La storia della parola anima si è strettamente intrecciata con quella della voce greca psyché, che originariamente significava soffio. Il latino presentava infatti due termini distinti dal solo genere grammaticale.
Il primo, animus, corradicale al greco anemos, cioè vento, indicava gli stadi superiori razionali ed emotivi dell'interiorità umana.
Il secondo, anima, era usato come termine corrispettivo della parola greca psyché ed era il nome di quel soffio vitale che, secondo la concezione antica, risiedeva all'interno degli esseri viventi e veniva espirato fuori al momento della morte.
La religione cristiana fece pero assumere alla parola greca anemos il significato completamente nuovo di parte spirituale e immortale dell'uomo, centro della sua vita morale, del pensiero, della volontà libera, dei valori etici. La nuova accezione si trasferì così sulla voce latina anima, a mano a mano che il Cristianesimo si diffondeva anche nella parte occidentale del Mediterraneo.
Il sostantivo animus uscì quindi dall'uso, mentre anima ha avuto seguito in tutte le lingue derivate dal latino. In italiano si ebbero due derivati: alma di origine popolare, ma che venne poi accolta dalla lingua poetica, e anima di origine colta, religiosa e filosofica.

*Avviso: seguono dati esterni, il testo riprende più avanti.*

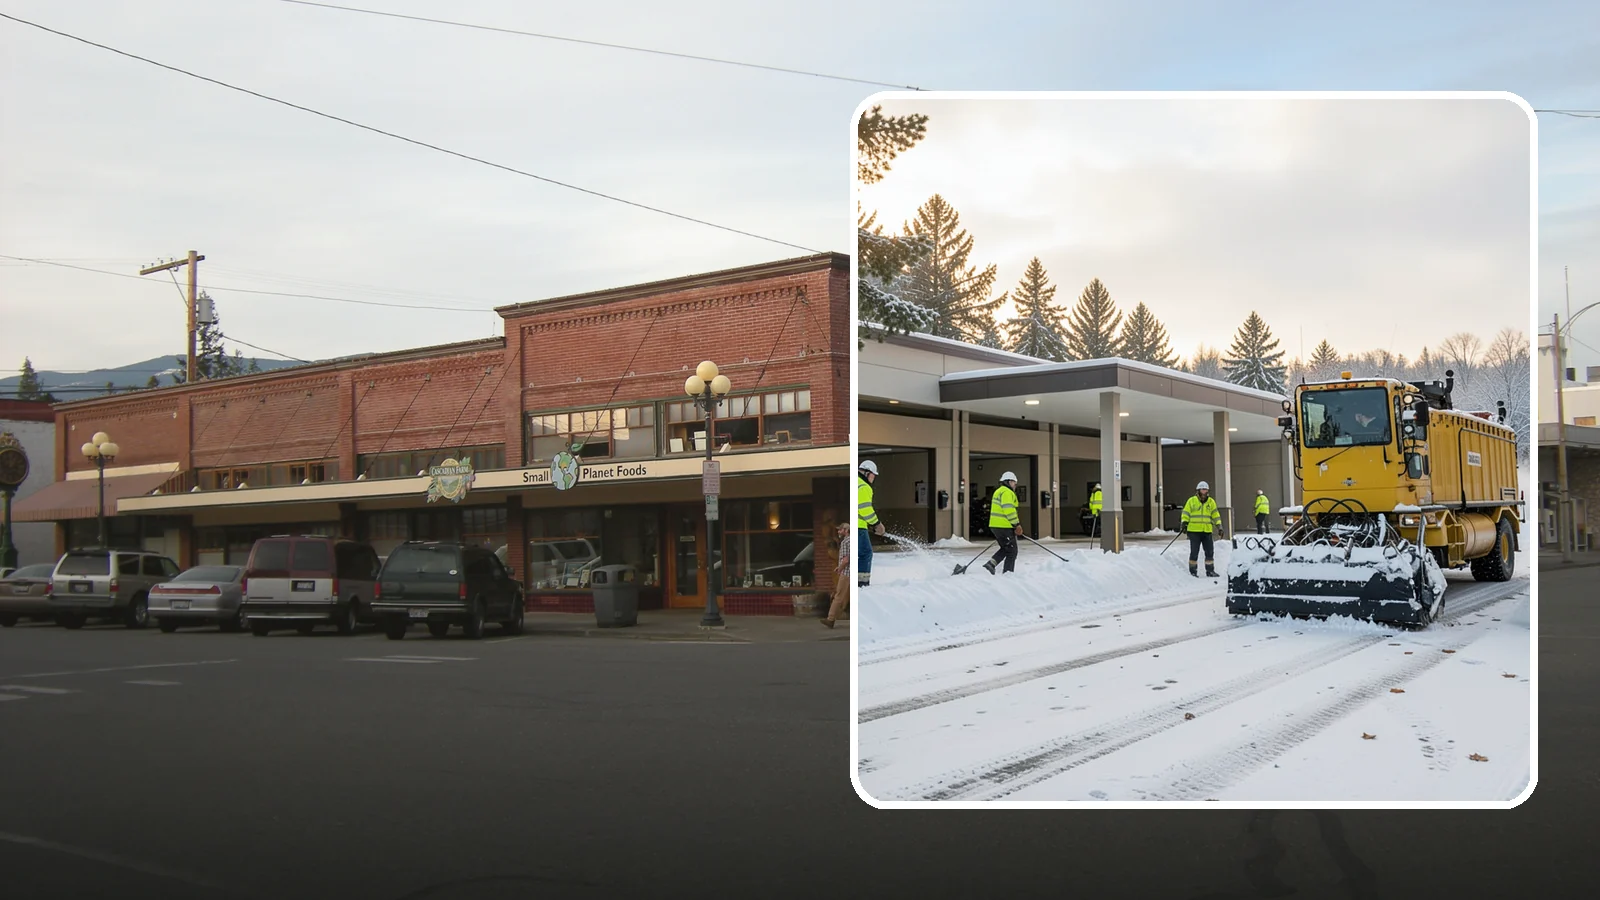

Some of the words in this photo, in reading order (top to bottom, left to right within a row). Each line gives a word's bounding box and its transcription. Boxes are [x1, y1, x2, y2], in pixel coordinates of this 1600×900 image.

[523, 471, 549, 483] Small
[583, 467, 614, 480] Planet
[617, 464, 647, 477] Foods

Soltanto all'inizio del secolo scorso il termine anima comincia a restringere il suo campo di applicazione: in quegli anni, infatti, inizia a diffondersi in Europa l'indagine scientifica della personalità umana, effettuata con metodo sperimentale e con la pratica di laboratorio già affermatasi in altri rami della biologia e della medicina.
Per indicare il complesso della coscienza e del pensiero, ma anche dell'inconscio, delle pulsioni e delle ansie, venne così riutilizzata la parola psychè, adattata nella forma psiche e usata come prefisso in molti composti tra cui psicologia e psicanalisi.
Una pagina importante nella storia della parola anima è stata scritta proprio, all’inizio del Novecento, in ambito psicanalitico.
La teoria di Carl Gustav Jung definisce infatti funzione animica l’atteggiamento che il soggetto assume verso il mondo interiore che agisce in lui: nell’uomo questa funzione è detta anima, nella donna animus.
Ma, fatta eccezione per la vasta scuola junghiana, con il tempo il termine anima si è attestato in prevalenza in ambito religioso, ed attiene soprattutto al linguaggio morale e letterario o comunque a quelle concezioni filosofiche che vedono nella capacità creatrice dell'uomo e delle idee un diretto rapporto con il divino.